◆ Task material ◆
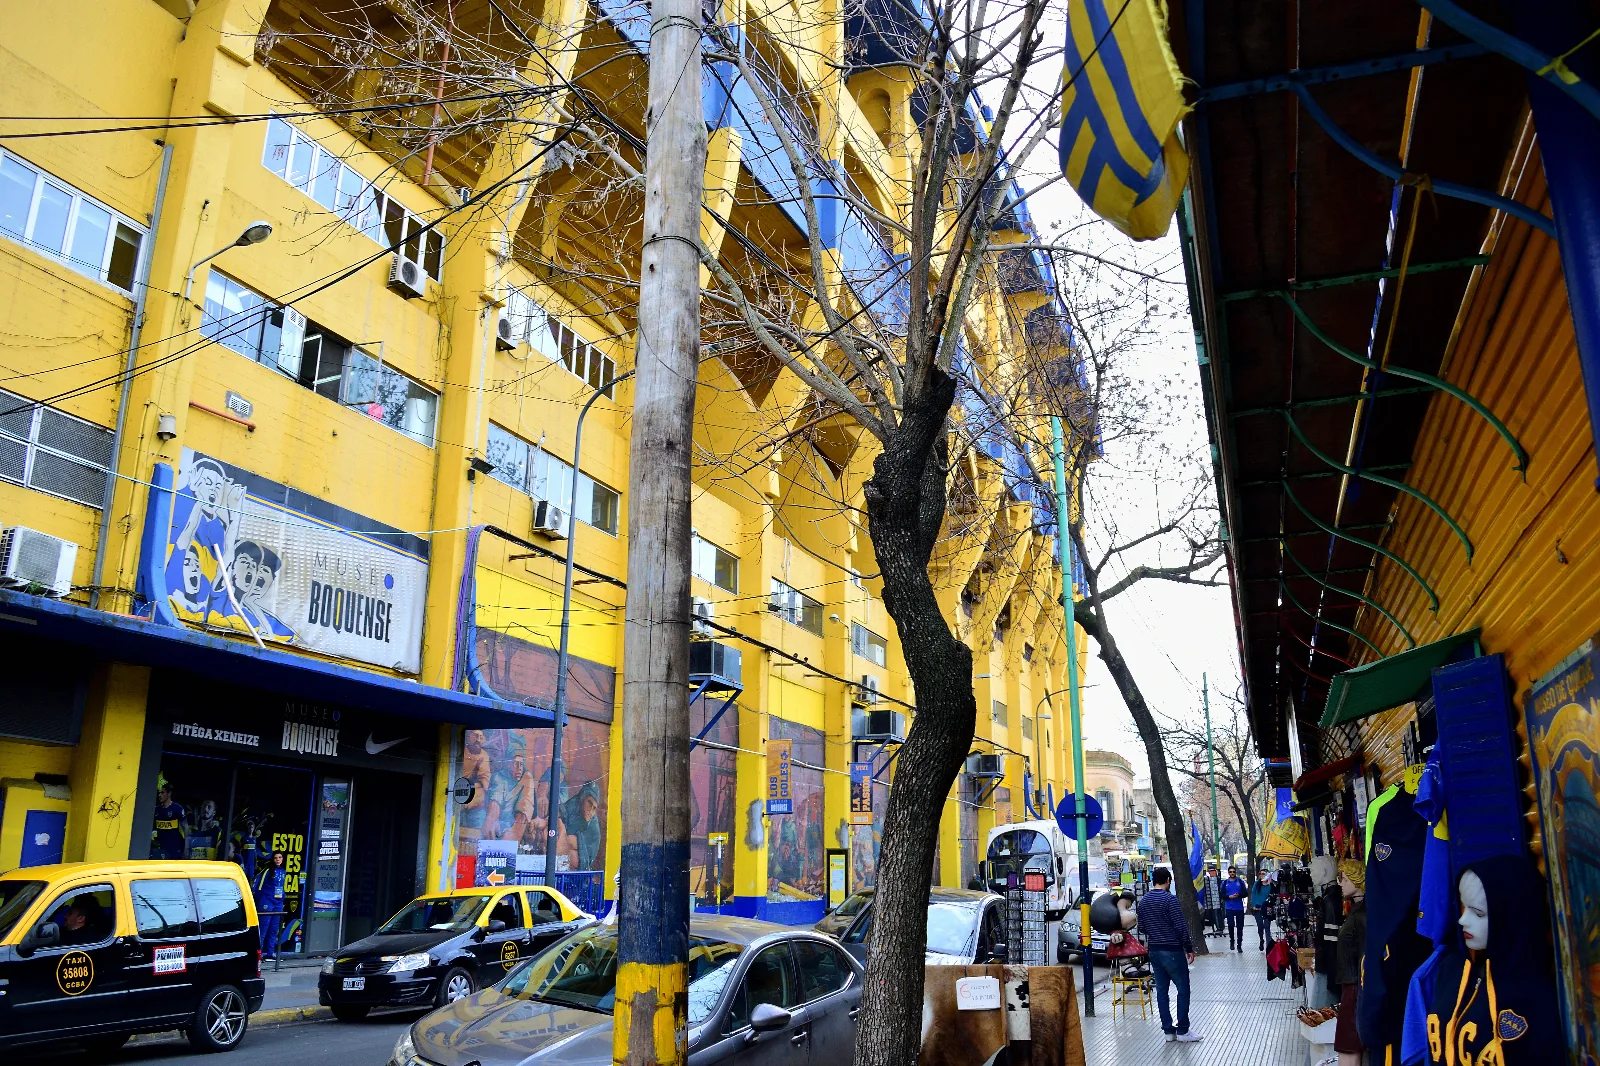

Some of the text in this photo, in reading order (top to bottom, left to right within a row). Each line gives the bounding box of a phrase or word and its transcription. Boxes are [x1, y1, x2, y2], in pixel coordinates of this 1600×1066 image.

[313, 550, 394, 590] MUSEO
[308, 580, 393, 643] BOQUENSE
[284, 701, 341, 721] MUSEO
[213, 729, 260, 747] XENEIZE
[281, 721, 340, 757] BOQUENSE
[769, 776, 778, 798] LOS
[780, 762, 789, 797] GOLES
[852, 797, 861, 812] LA
[271, 833, 304, 853] ESTO
[285, 854, 302, 873] ES
[283, 874, 299, 893] CA
[65, 957, 86, 965] TAXI
[156, 952, 183, 960] PREMIUM
[62, 967, 89, 980] 35808
[65, 981, 86, 989] GCBA
[1501, 1016, 1522, 1032] CABJ

◆ Work task ◆
Could you print all of the entries above exactly as written, minus the pictures?

◆ Solution for this task ◆
Some of the text in this photo, in reading order (top to bottom, left to right within a row). Each line gives the bounding box of a phrase or word and its transcription. Boxes are [x1, y1, x2, y2], in pixel coordinates of this 1600×1066 image.

[313, 550, 394, 590] MUSEO
[308, 580, 393, 643] BOQUENSE
[284, 701, 341, 721] MUSEO
[213, 729, 260, 747] XENEIZE
[281, 721, 340, 757] BOQUENSE
[769, 776, 778, 798] LOS
[780, 762, 789, 797] GOLES
[852, 797, 861, 812] LA
[271, 833, 304, 853] ESTO
[285, 854, 302, 873] ES
[283, 874, 299, 893] CA
[65, 957, 86, 965] TAXI
[156, 952, 183, 960] PREMIUM
[62, 967, 89, 980] 35808
[65, 981, 86, 989] GCBA
[1501, 1016, 1522, 1032] CABJ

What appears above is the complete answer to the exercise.